When to use -ing or the ‘to’ infinite


Recently a student asked me which sentence was correct:-

I like walking. or  I like to walk.

  Using -ing            ‘to’ infinitive

In this example, the answer is, that they are both correct and there is little difference in meaning.  

However, that is not always the case, sometimes  gerund ‘-ing’ form is correct at other times the infinitive to + is the correct form. 

At other times,  both are correct but the different forms have a different meaning. 

So, when do you use which? 

There is no easy rule – sorry! 

It is a case of learning which verbs usually use which form, noticing how and when the forms are used and using that which sounds correct and conveys the correct meaning.

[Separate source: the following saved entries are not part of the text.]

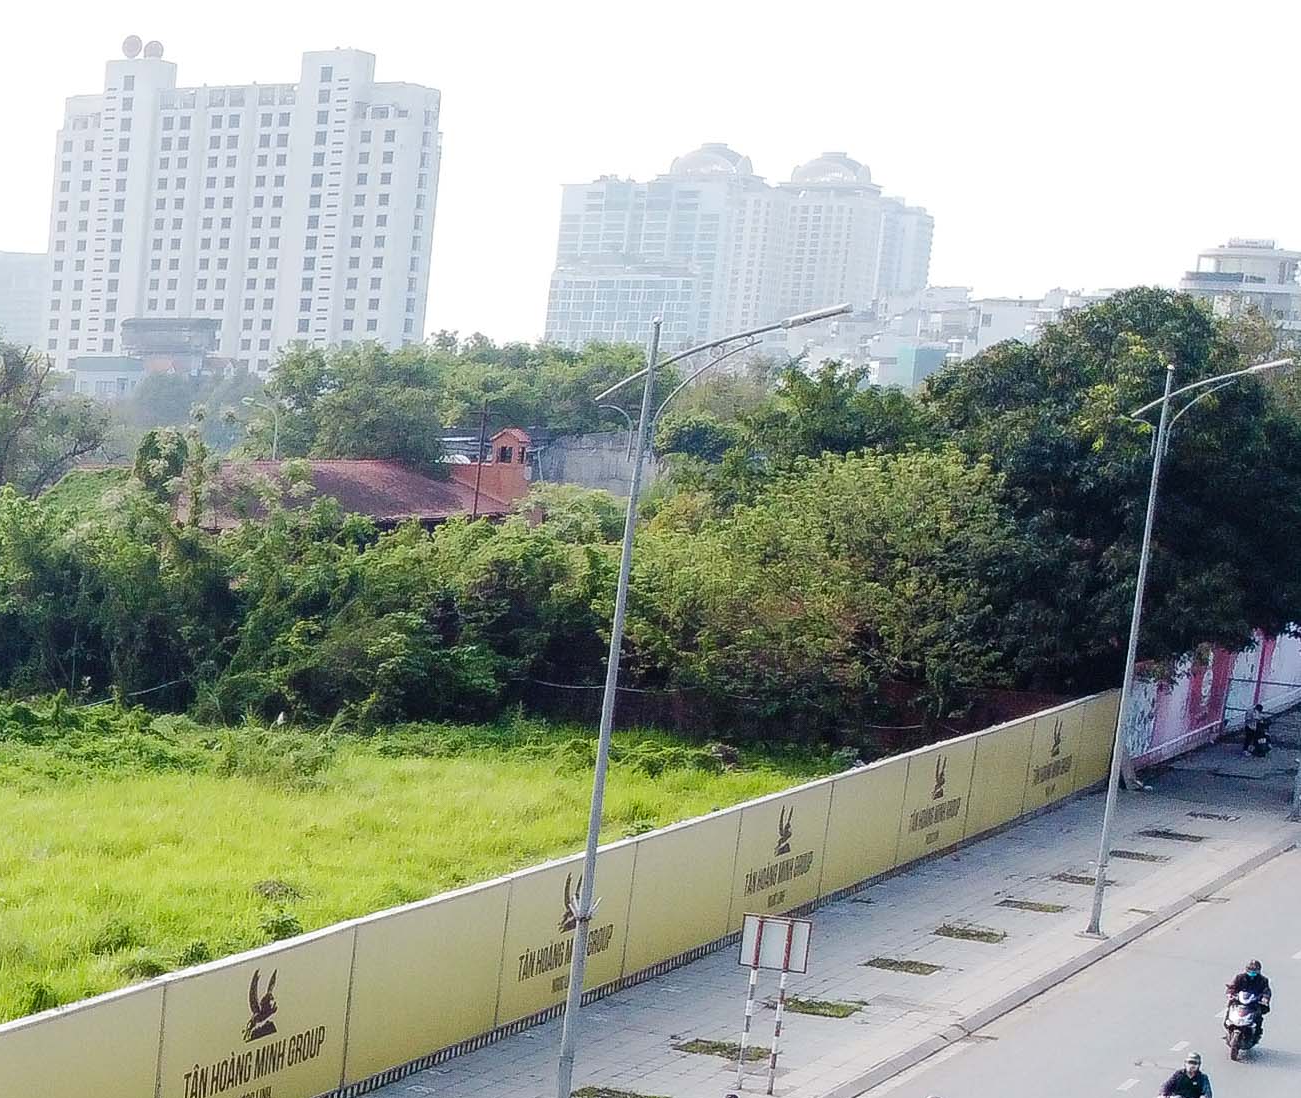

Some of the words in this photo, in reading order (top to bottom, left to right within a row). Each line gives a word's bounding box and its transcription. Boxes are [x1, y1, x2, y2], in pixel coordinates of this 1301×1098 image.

[210, 1051, 252, 1097] HOÀNG
[253, 1038, 286, 1081] MINH
[287, 1025, 326, 1067] GROUP
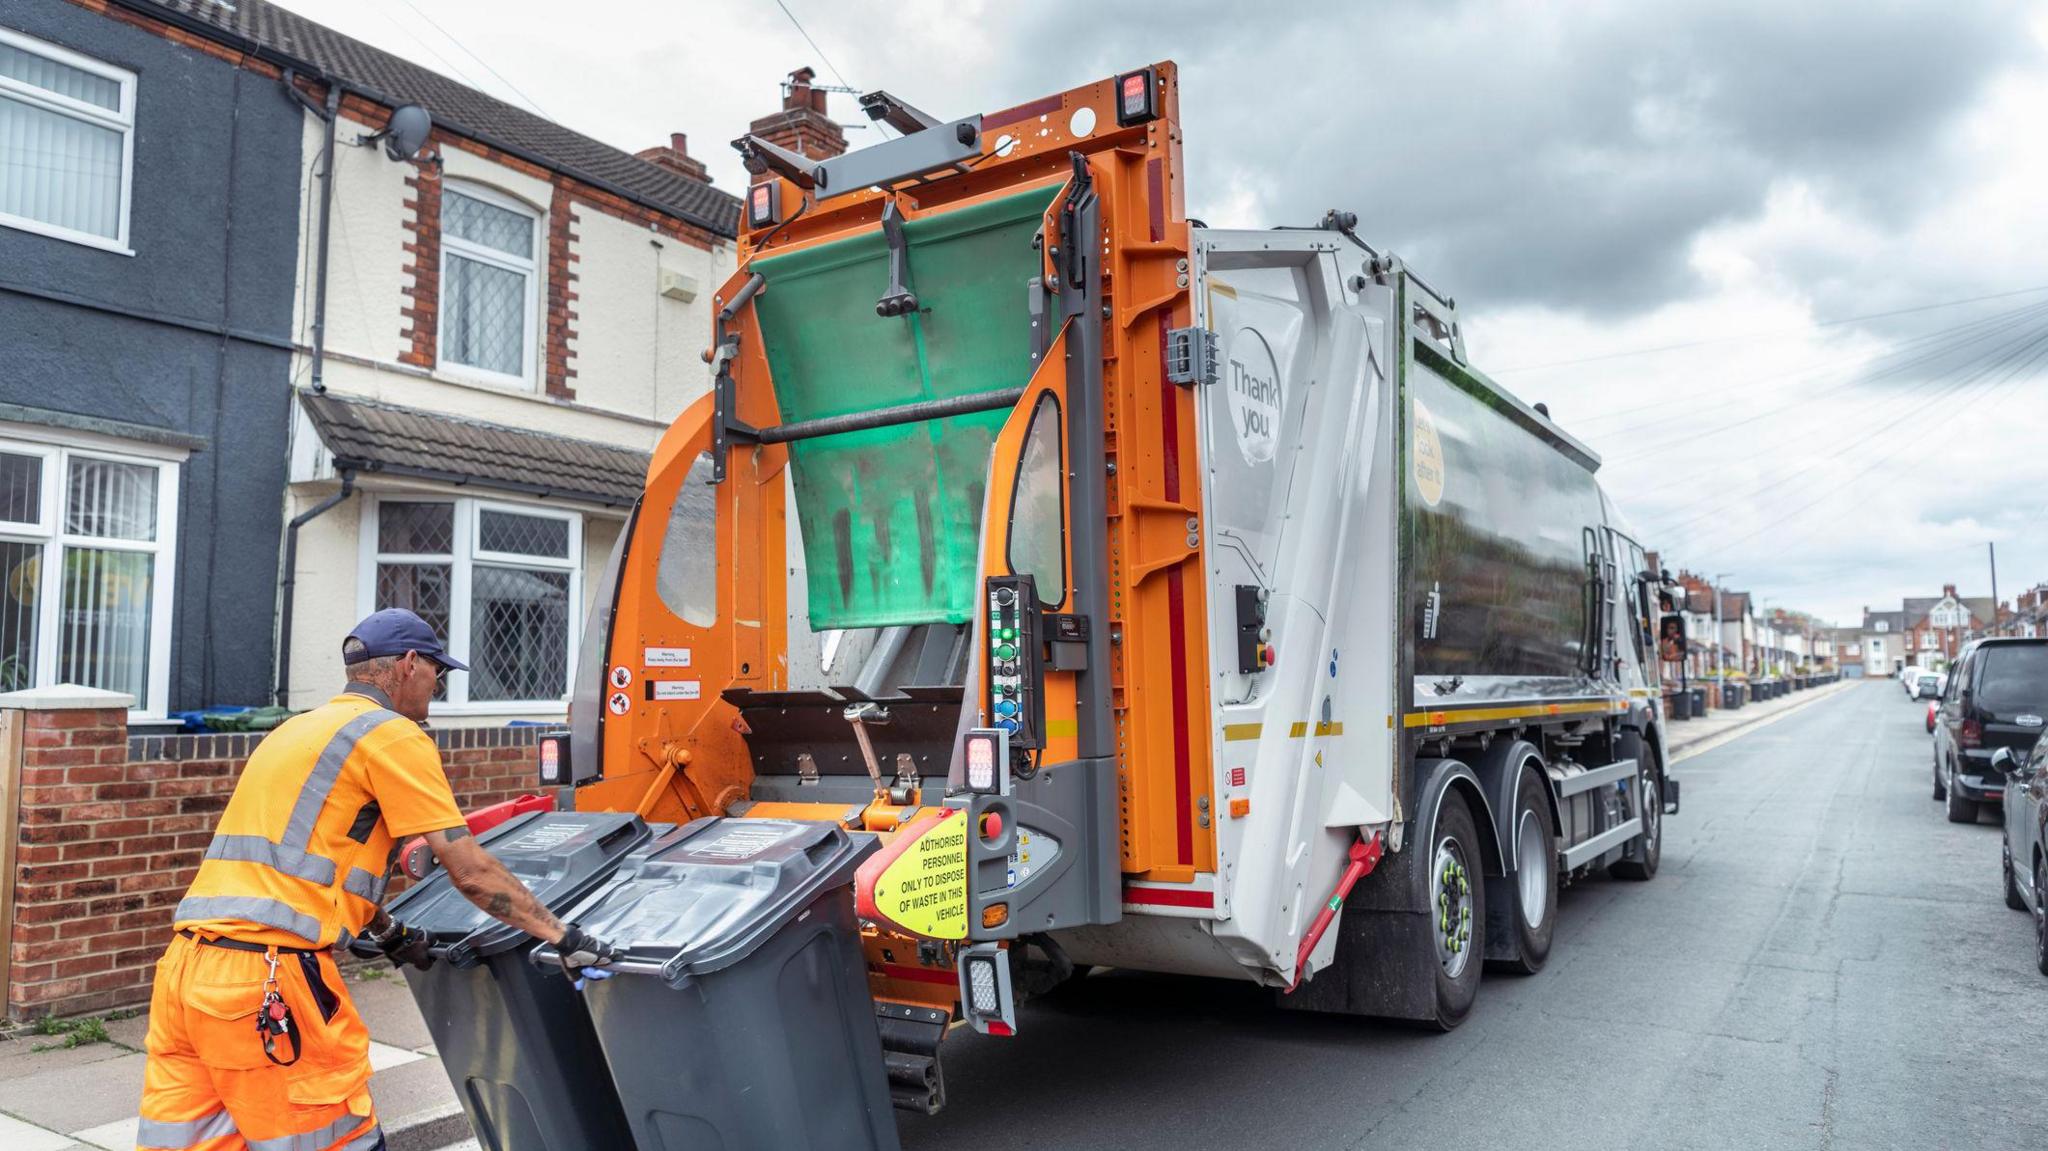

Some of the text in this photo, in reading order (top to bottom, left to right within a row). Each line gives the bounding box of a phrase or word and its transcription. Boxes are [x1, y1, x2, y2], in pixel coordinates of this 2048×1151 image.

[1230, 359, 1278, 409] Thank
[1241, 406, 1270, 439] you
[920, 834, 964, 853] AUTHORISED
[923, 852, 964, 870] PERSONNEL
[901, 869, 964, 894] ONLY TO DISPOSE
[899, 886, 963, 913] OF WASTE IN THIS
[936, 904, 964, 921] VEHICLE
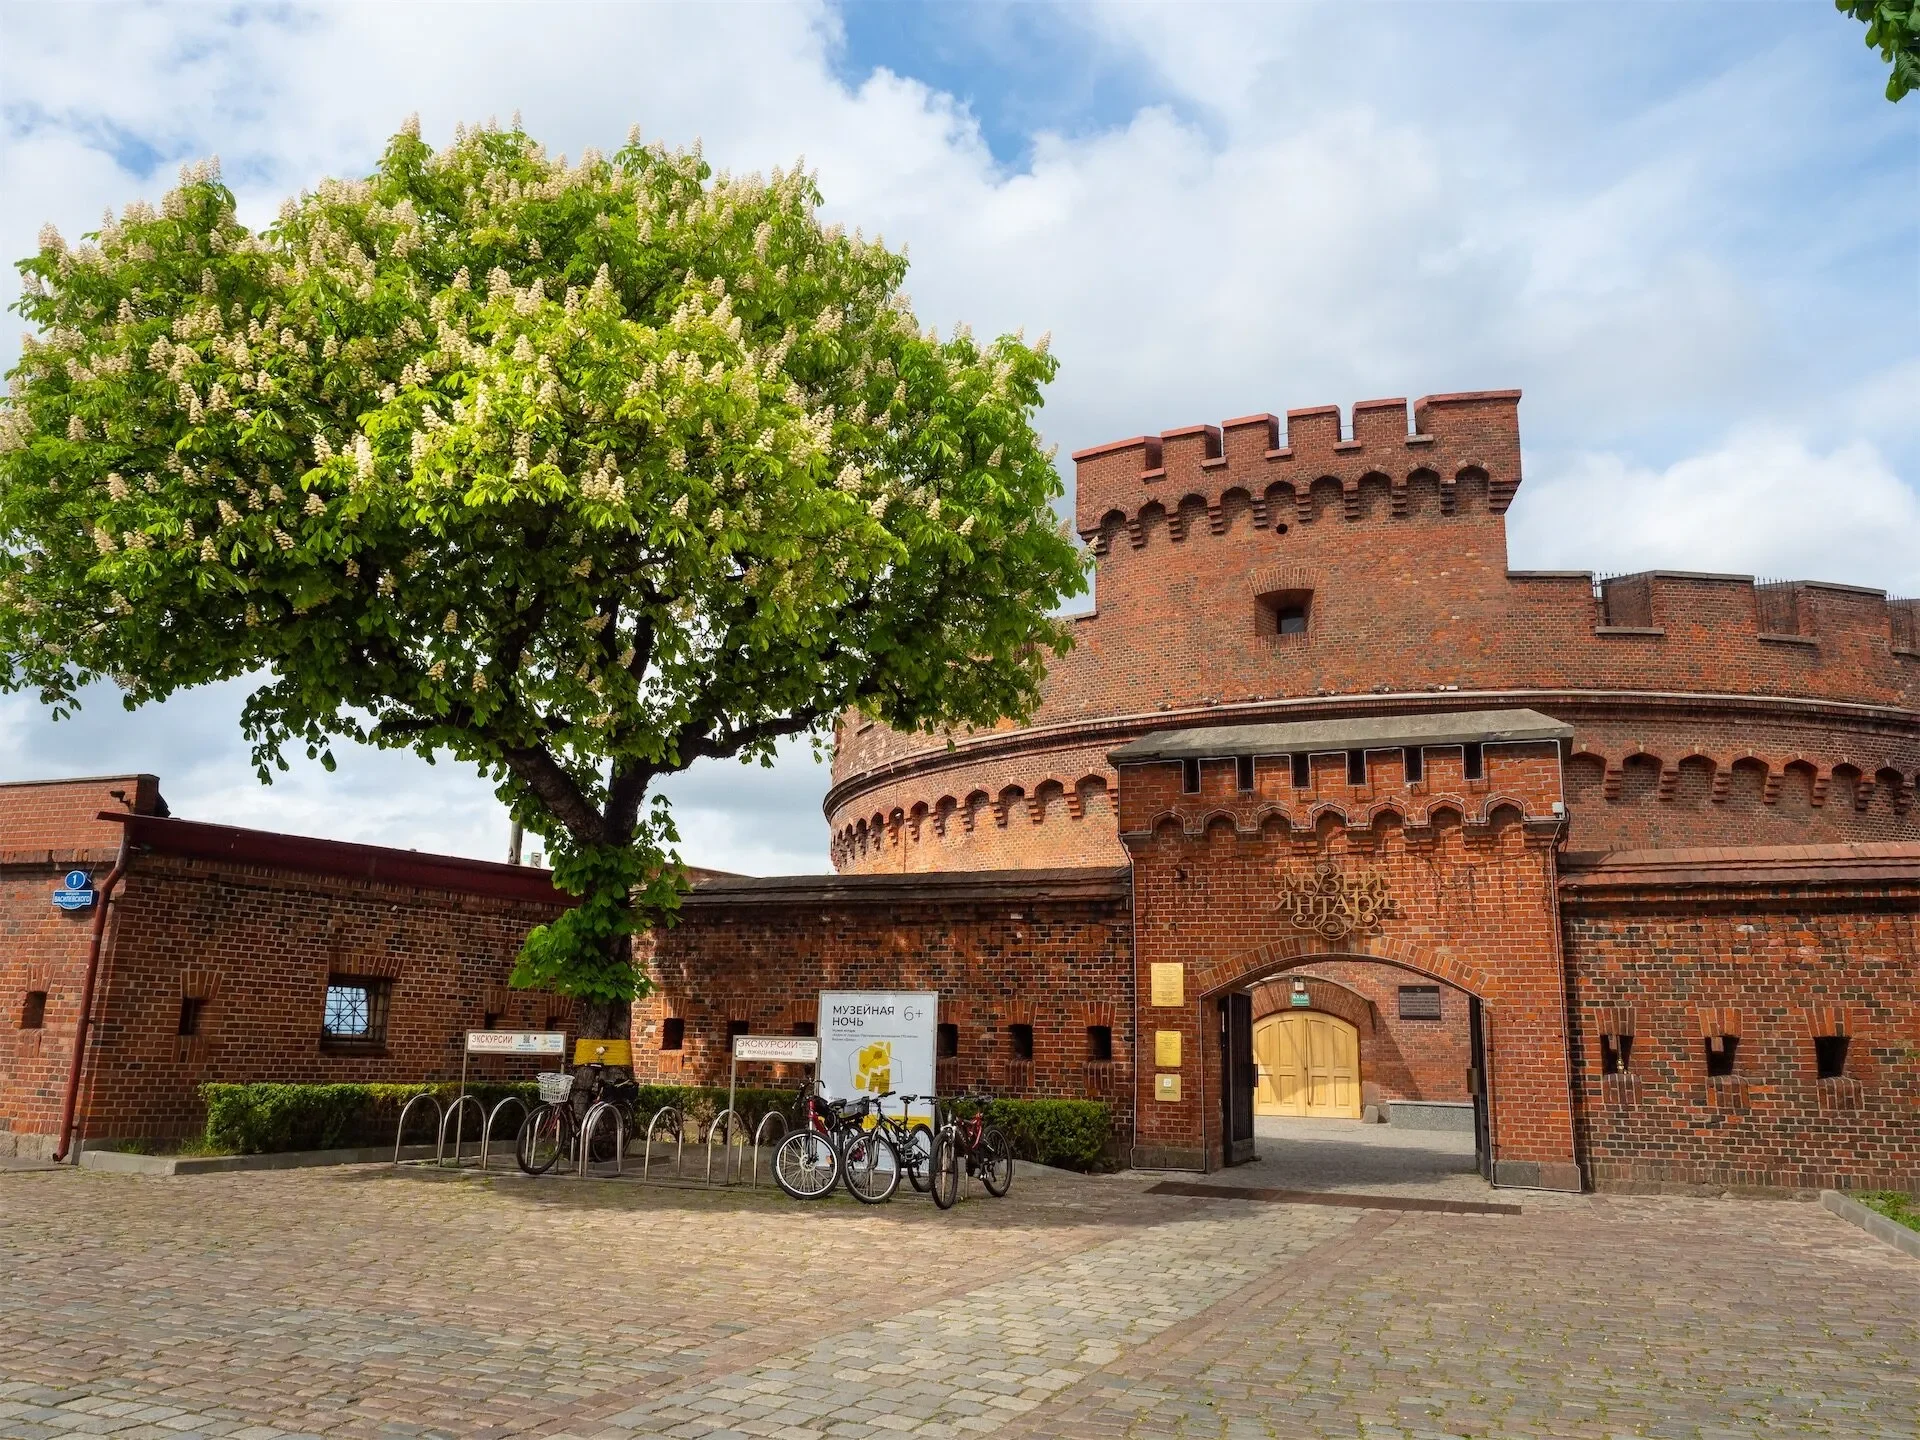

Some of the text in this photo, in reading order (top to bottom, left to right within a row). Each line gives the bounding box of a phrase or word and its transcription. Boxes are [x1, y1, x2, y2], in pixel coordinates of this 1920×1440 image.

[72, 874, 77, 885] 1
[1279, 862, 1385, 896] МУЗЕЙ
[1270, 886, 1400, 934] ЯНТАРЯ
[832, 1003, 895, 1015] МУЗЕЙНАЯ
[903, 1005, 924, 1021] 6+
[832, 1017, 864, 1027] НОЧЬ
[471, 1034, 513, 1044] ЭКСКУРСИИ
[737, 1039, 798, 1049] ЭКСКУРСИИ
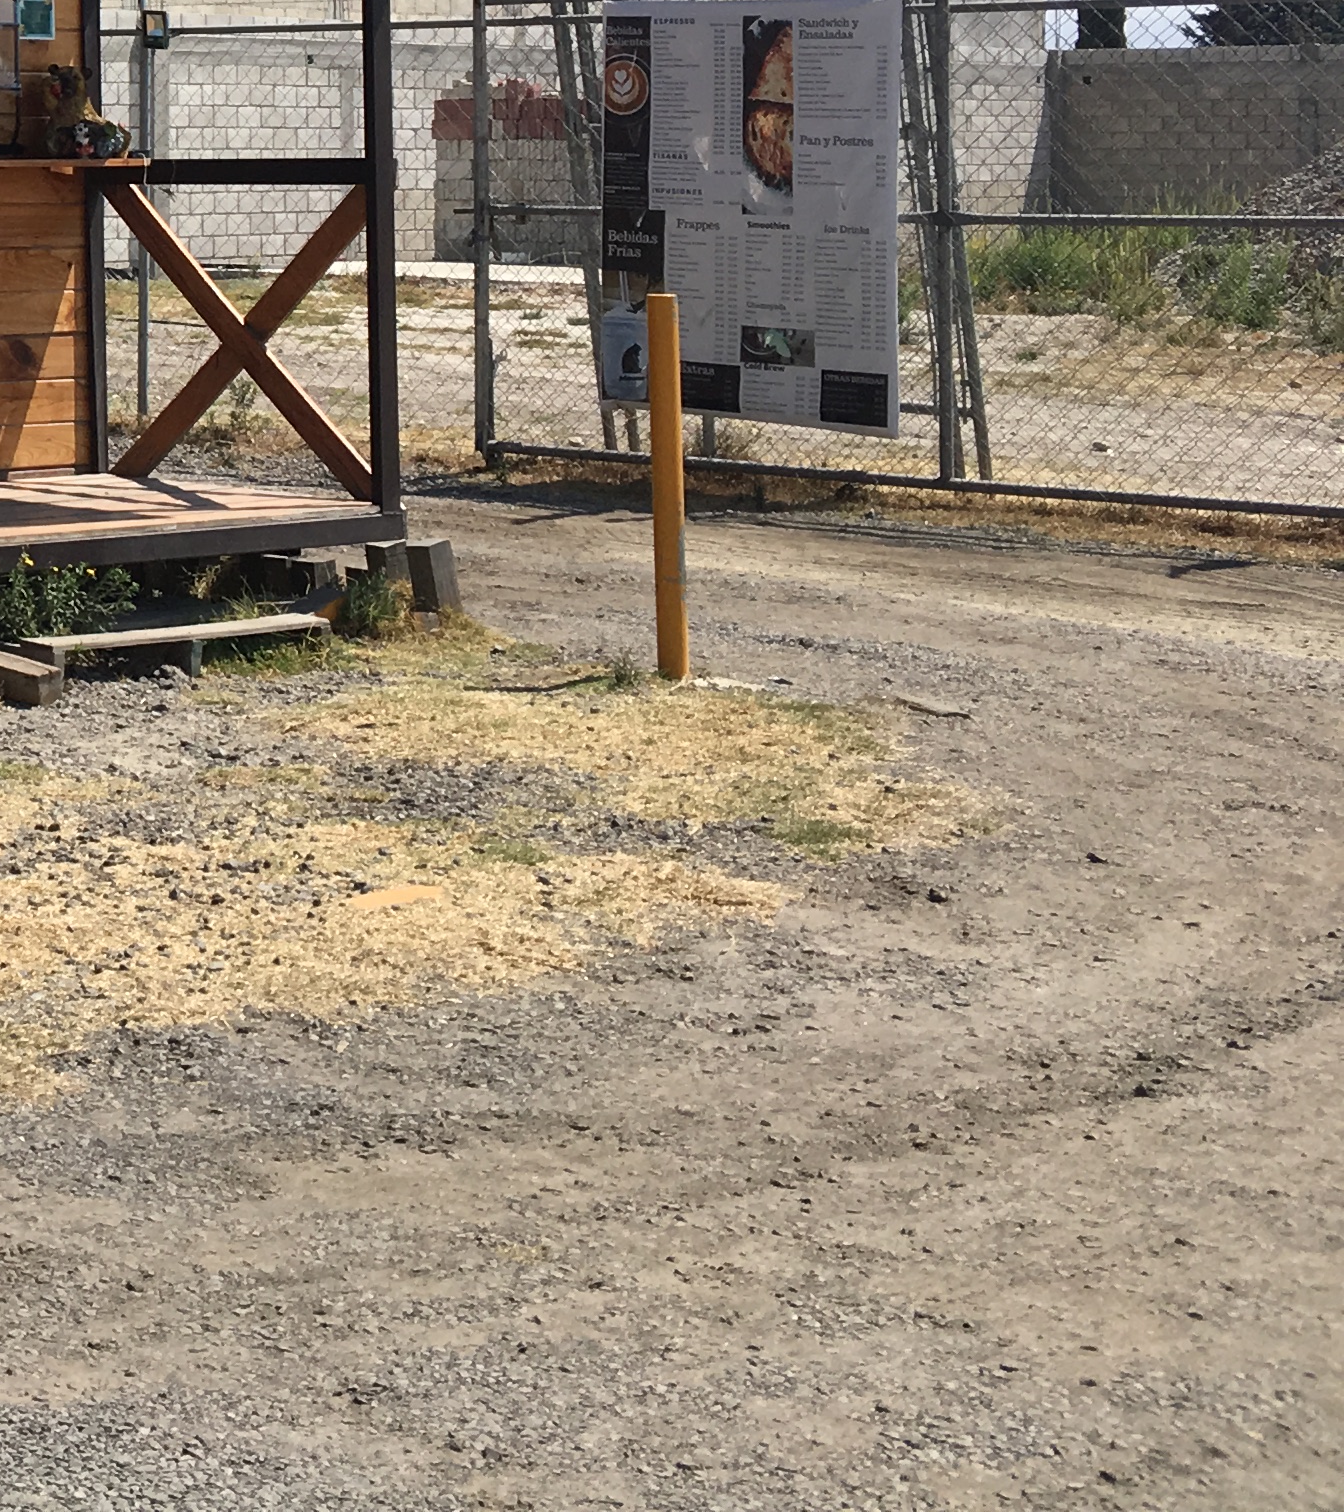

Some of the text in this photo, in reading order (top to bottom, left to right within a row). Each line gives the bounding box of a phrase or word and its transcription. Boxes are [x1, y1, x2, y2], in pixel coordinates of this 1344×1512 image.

[798, 17, 860, 29] Sandwich y
[798, 29, 854, 39] Ensaladas
[799, 135, 874, 148] Pan y Postres
[607, 229, 659, 244] Bebidas

To do this you need to look at lots of examples to get used to the correct forms. 

Don’t worry, we’ve gathered together some examples to help you get started!

Some verbs that are usually followed by -ing:

avoid   enjoy finish   imagine mind miss   recommend risk stop   suggest                

You will have to stop singing.

He finished reading the book.

Could you imagine buying a sports car?

Her grandmother suggested wearing something more traditional.

Joel recommended eating here.

Aaron avoids wearing trainers.

Do you mind moving your feet?

I miss eating with my family.

He risked missing his flight!

I enjoy cooking.

Verbs that are usually followed by the to infintive:

afford   agree arrange   ask decide expect  fail forget hope invite   learn manage offer plan promise   want would like

I would like to learn English.

He decides to drive to France.

I had managed to buy a present.

Verbs that can be followed by either (no difference in meaning):-

start    begin    bother

I started learning French. or  I started to learn French.

When you begin to read, start slowly. or When you begin reading, start slowly.

He couldn’t be bothered to eat. or He couldn’t be bothered eating.

Check up

Have a look at these examples, and try to select the form that fits best. 

(Find the answers at the end of the post)

  1. I can’t help …….. my daughter to drive carefully.

        telling /to tell

  1. My dog loves……. by the sea.

        to walk/walking

  1. My husband has agreed ……. one day a week.

                 to clean/cleaning

  1. We didn’t mind …….. on the beach.

           to cook/cooking

  1. She considered ………. away.

         to run/running

  1. I expect …………. on my wedding day.

            to cry/crying

Answers: 

  1. telling 2. both are correct 3. to clean 4. cooking 5. running 

6. There two answers that are correct but in this case using a different form changes the meaning:

I expect crying on my wedding day” = I think people will cry at my wedding

I expect to cry on my wedding day” = I will cry on my wedding day!